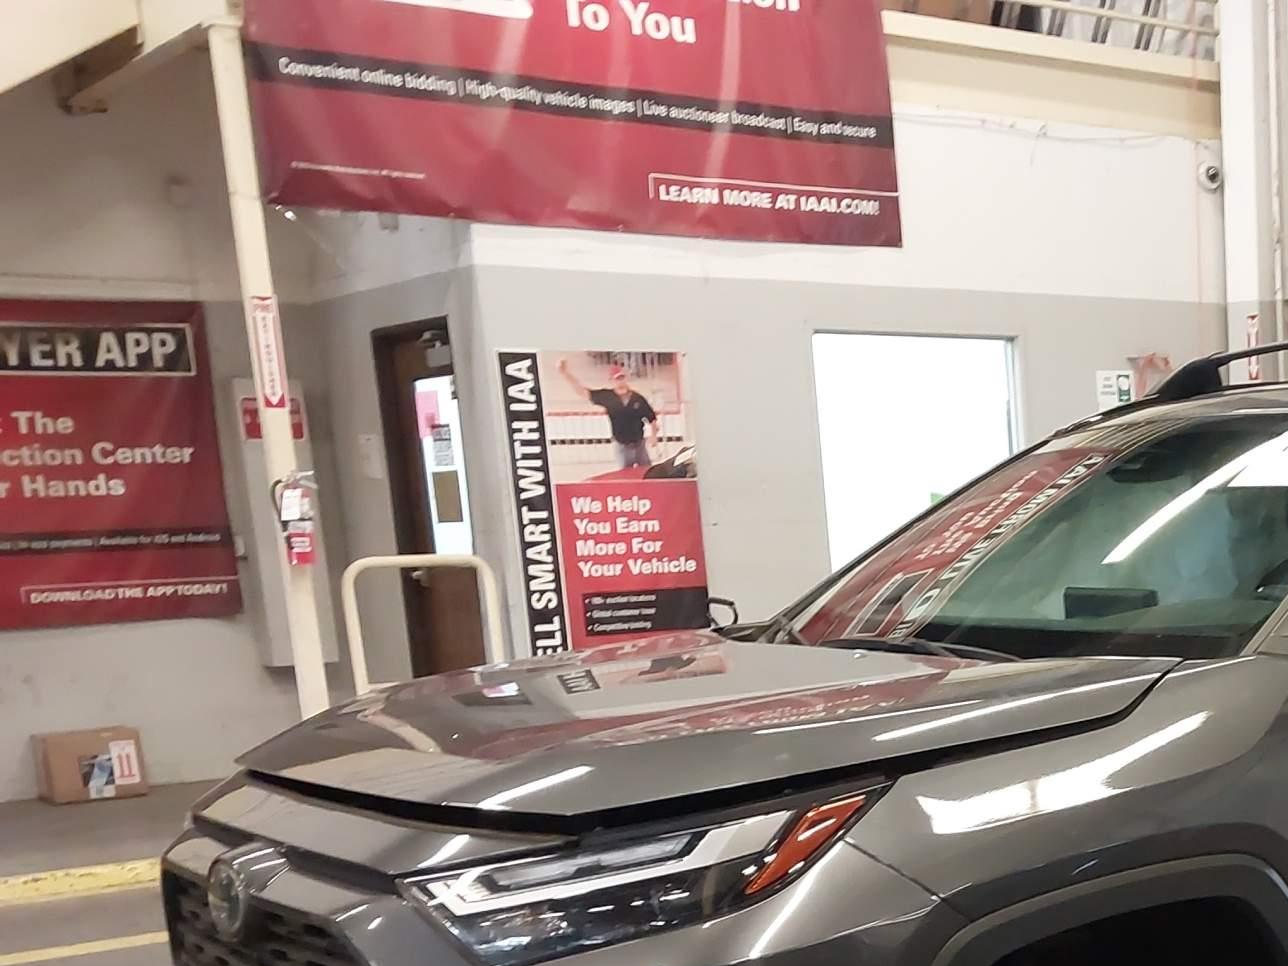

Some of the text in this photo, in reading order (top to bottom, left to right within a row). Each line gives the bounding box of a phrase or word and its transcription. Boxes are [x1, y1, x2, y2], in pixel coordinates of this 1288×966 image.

[564, 0, 697, 44] To You
[278, 56, 361, 82] Convenient
[361, 68, 404, 88] online
[405, 72, 456, 96] bidding
[466, 79, 543, 105] High-quality
[543, 89, 588, 111] vehicle
[588, 93, 635, 114] images
[643, 99, 668, 118] Live
[669, 105, 730, 125] auctioneer
[731, 108, 786, 131] broadcast
[793, 117, 819, 136] Easy
[820, 121, 841, 136] and
[841, 124, 877, 139] secure
[658, 183, 719, 205] LEARN
[722, 189, 773, 209] MORE
[775, 194, 798, 211] AT
[95, 331, 177, 368] APP
[504, 357, 538, 412] IAA
[10, 410, 75, 435] The
[91, 441, 195, 465] Center
[511, 419, 546, 500] WITH
[21, 473, 127, 498] Hands
[571, 496, 651, 516] We Help
[574, 517, 660, 535] You Earn
[521, 506, 557, 611] SMART
[576, 537, 664, 557] More For
[577, 555, 697, 578] Your Vehicle
[30, 582, 229, 604] DOWNLOAD THE APP TODAY!
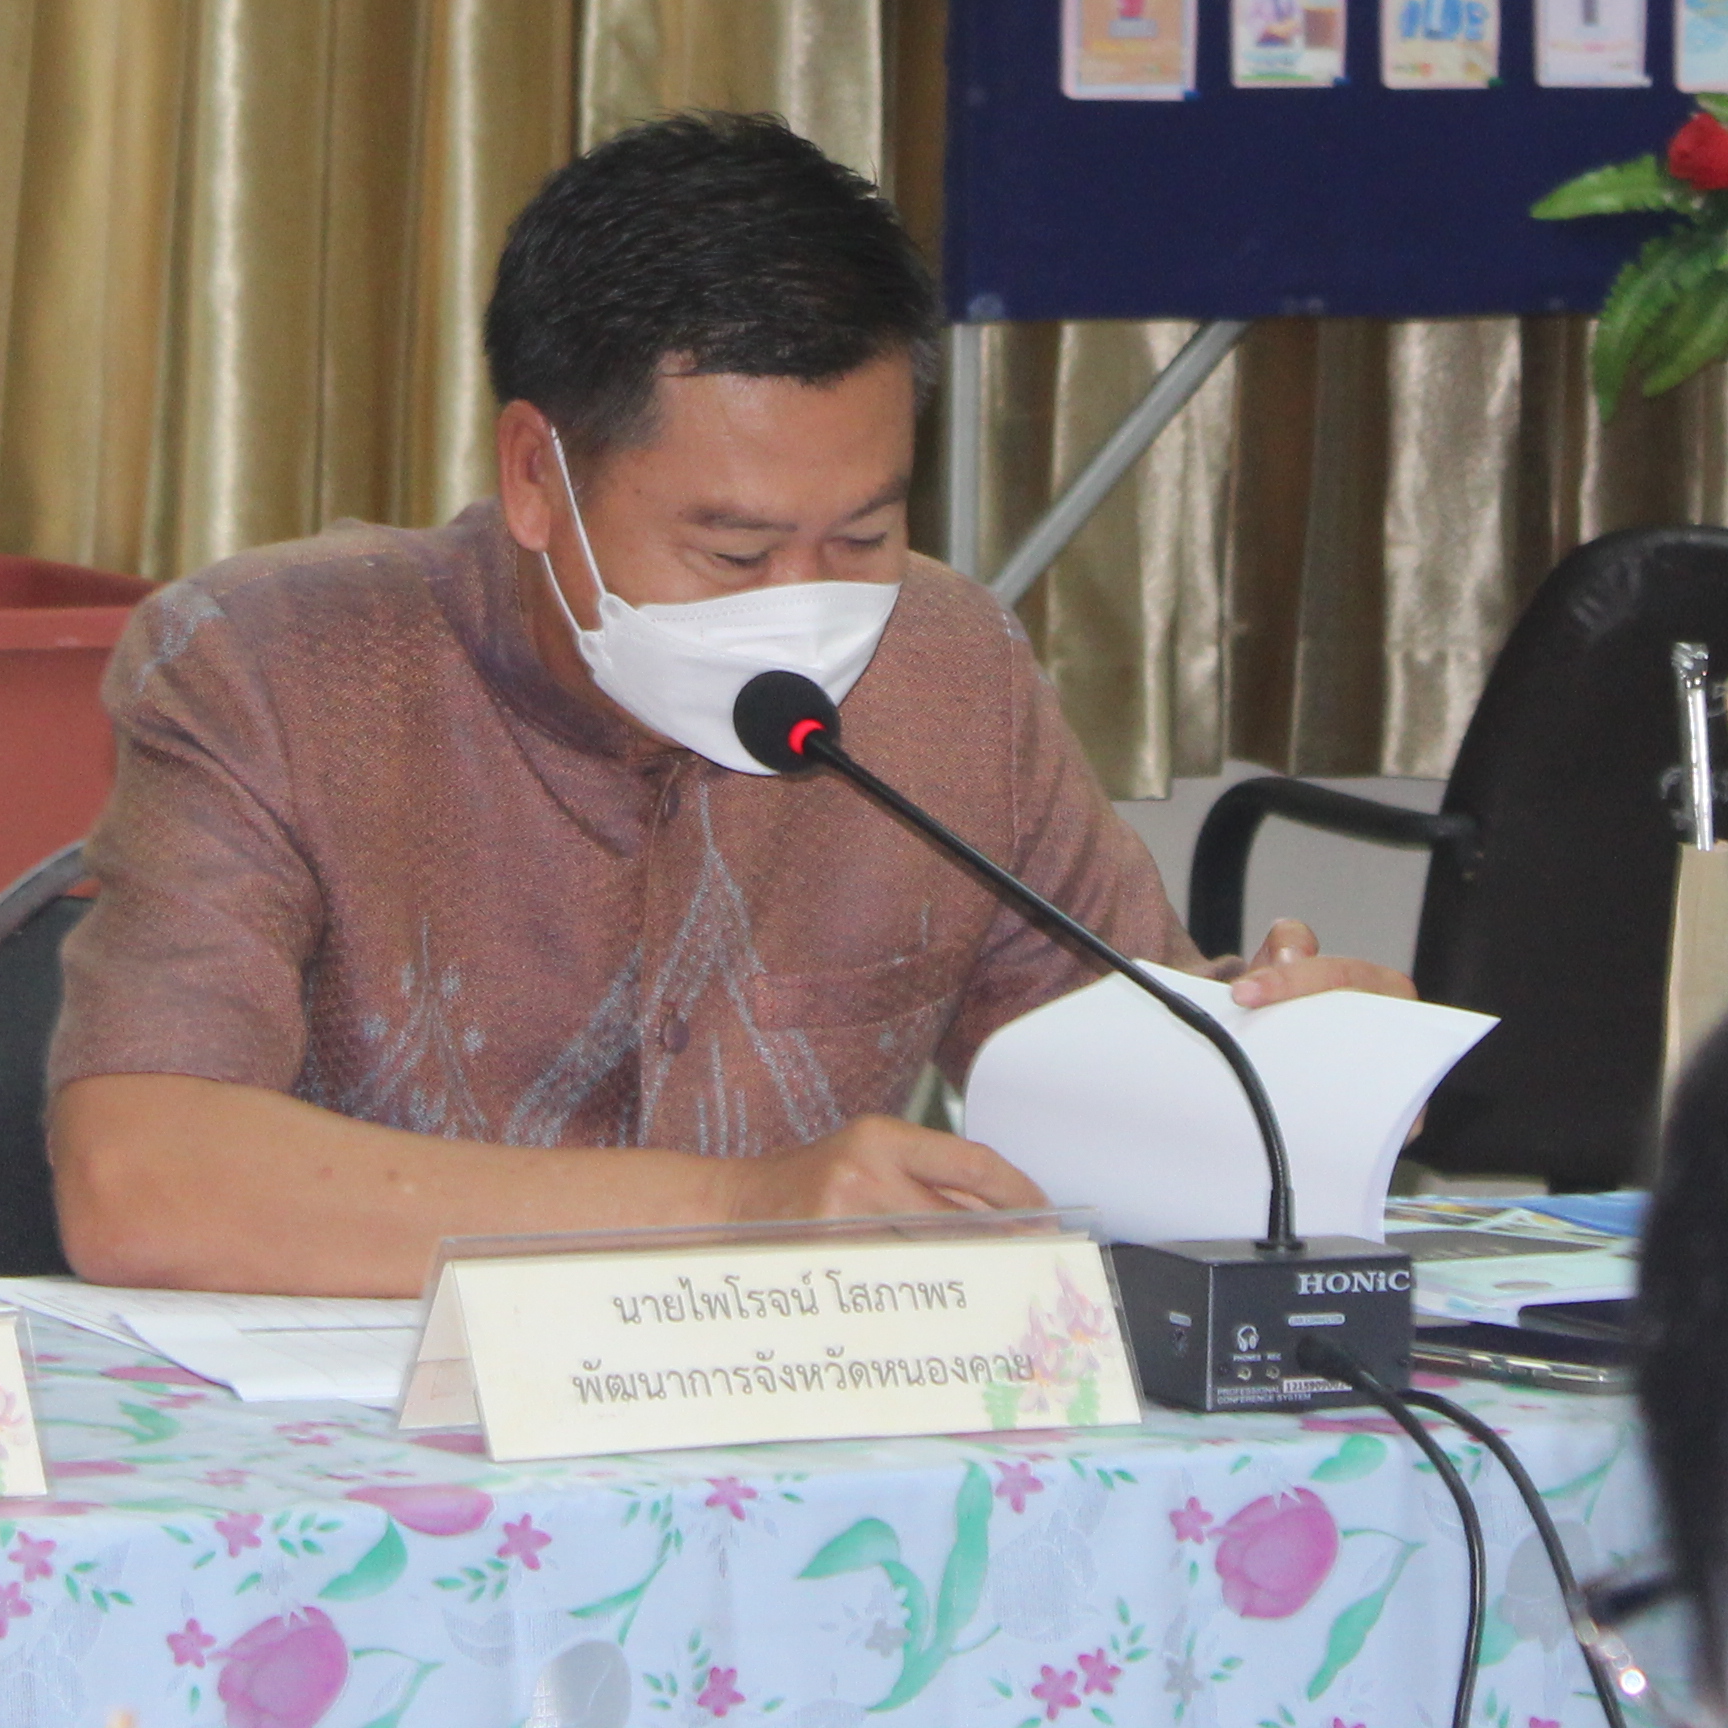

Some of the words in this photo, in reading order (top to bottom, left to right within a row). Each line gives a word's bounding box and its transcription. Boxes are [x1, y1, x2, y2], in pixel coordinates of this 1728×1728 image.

[612, 1270, 820, 1325] นายไพโรจน์
[825, 1269, 968, 1314] โสภาพร
[572, 1346, 1036, 1405] พัฒนาการจังหวัดหนองคาย
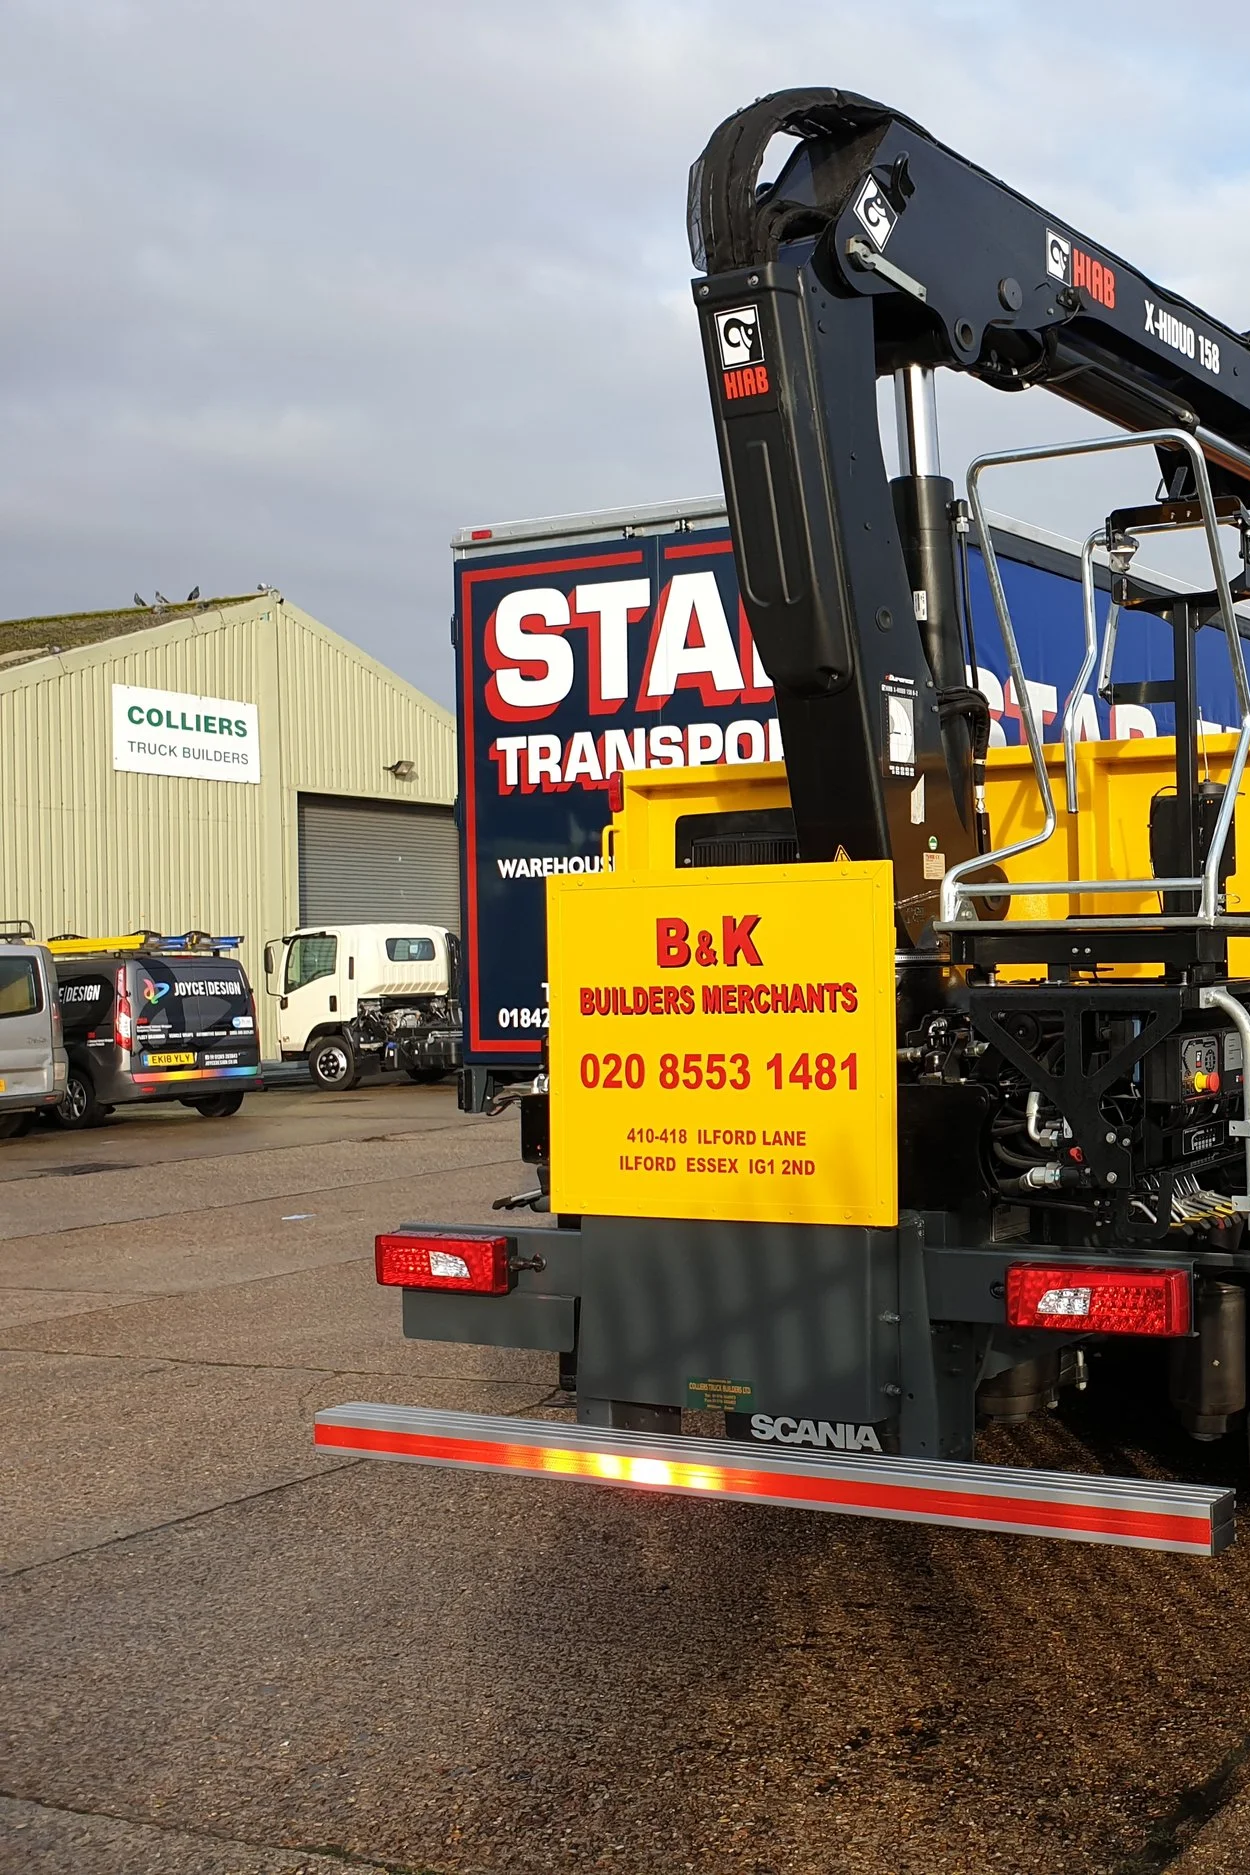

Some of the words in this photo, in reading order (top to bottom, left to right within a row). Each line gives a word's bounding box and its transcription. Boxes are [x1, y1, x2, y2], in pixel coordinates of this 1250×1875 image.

[1073, 248, 1115, 309] HIAB
[1144, 299, 1195, 360] X-HIDUO
[1198, 335, 1220, 375] 158
[723, 365, 769, 400] HIAB
[490, 570, 774, 714] STA
[127, 705, 247, 738] COLLIERS
[127, 740, 178, 758] TRUCK
[182, 746, 249, 765] BUILDERS
[579, 984, 695, 1016] BUILDERS
[701, 982, 859, 1015] MERCHANTS
[151, 1054, 172, 1065] EK18
[174, 1054, 190, 1063] YLY
[580, 1052, 646, 1090] 020
[658, 1052, 751, 1090] 8553
[765, 1052, 859, 1091] 1481
[626, 1127, 688, 1145] 410-418
[697, 1128, 757, 1146] ILFORD
[762, 1130, 807, 1147] LANE
[619, 1155, 677, 1172] ILFORD
[686, 1156, 739, 1174] ESSEX
[748, 1158, 776, 1175] IG1
[781, 1159, 816, 1176] 2ND
[750, 1413, 883, 1452] SCANIA
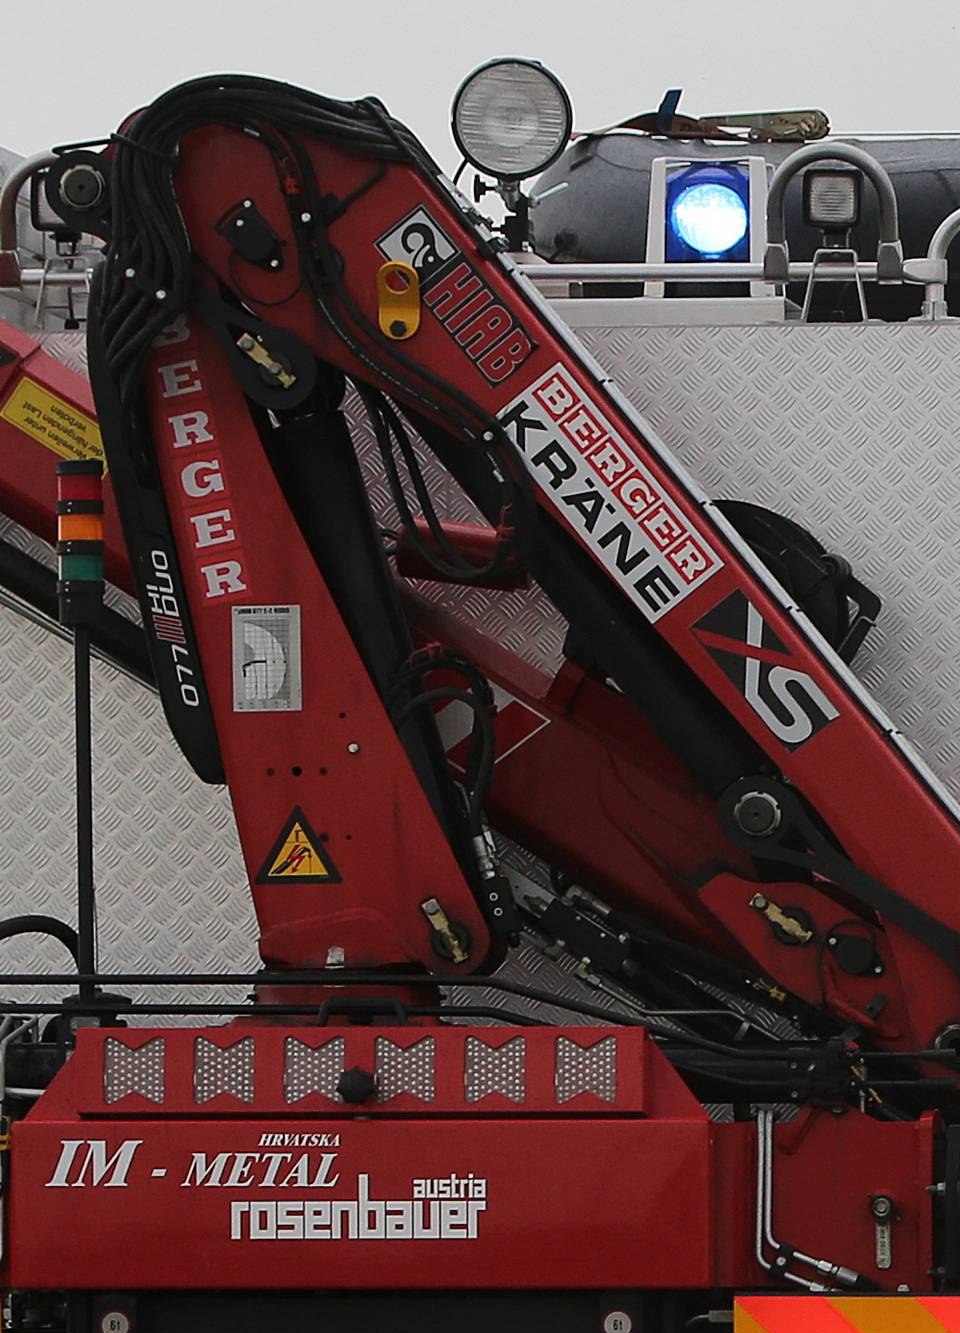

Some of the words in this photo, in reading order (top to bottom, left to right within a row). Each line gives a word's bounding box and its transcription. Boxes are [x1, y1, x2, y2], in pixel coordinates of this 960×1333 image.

+===+

#### [Problem description]
Beginning with the line containing "this 1728×1728 image." and ending with the last line of the data, output those lines exactly and nothing more. Omit every picture.

#### [Response for this exercise]
Some of the words in this photo, in reading order (top to bottom, left to right within a row). Each line gives a word's bounding box and its transcription. Boxes are [x1, y1, x2, y2], in pixel coordinates of this 1728×1728 image.

[612, 1270, 820, 1325] นายไพโรจน์
[825, 1269, 968, 1314] โสภาพร
[572, 1346, 1036, 1405] พัฒนาการจังหวัดหนองคาย

Some of the words in this photo, in reading order (top to bottom, left to right within a row). Each line gives a word's bounding box and its transcription. Boxes are [x1, y1, x2, y2], in pixel coordinates of this 1250×1875 image.

[1073, 248, 1115, 309] HIAB
[1144, 299, 1195, 360] X-HIDUO
[1198, 335, 1220, 375] 158
[723, 365, 769, 400] HIAB
[490, 570, 774, 714] STA
[127, 705, 247, 738] COLLIERS
[127, 740, 178, 758] TRUCK
[182, 746, 249, 765] BUILDERS
[579, 984, 695, 1016] BUILDERS
[701, 982, 859, 1015] MERCHANTS
[151, 1054, 172, 1065] EK18
[174, 1054, 190, 1063] YLY
[580, 1052, 646, 1090] 020
[658, 1052, 751, 1090] 8553
[765, 1052, 859, 1091] 1481
[626, 1127, 688, 1145] 410-418
[697, 1128, 757, 1146] ILFORD
[762, 1130, 807, 1147] LANE
[619, 1155, 677, 1172] ILFORD
[686, 1156, 739, 1174] ESSEX
[748, 1158, 776, 1175] IG1
[781, 1159, 816, 1176] 2ND
[750, 1413, 883, 1452] SCANIA

Some of the words in this photo, in reading order (top to bottom, left to right within a row). Each line gives a word's bounding box and its transcription. Boxes are [x1, y1, x2, y2], in pixel coordinates of this 960×1333 image.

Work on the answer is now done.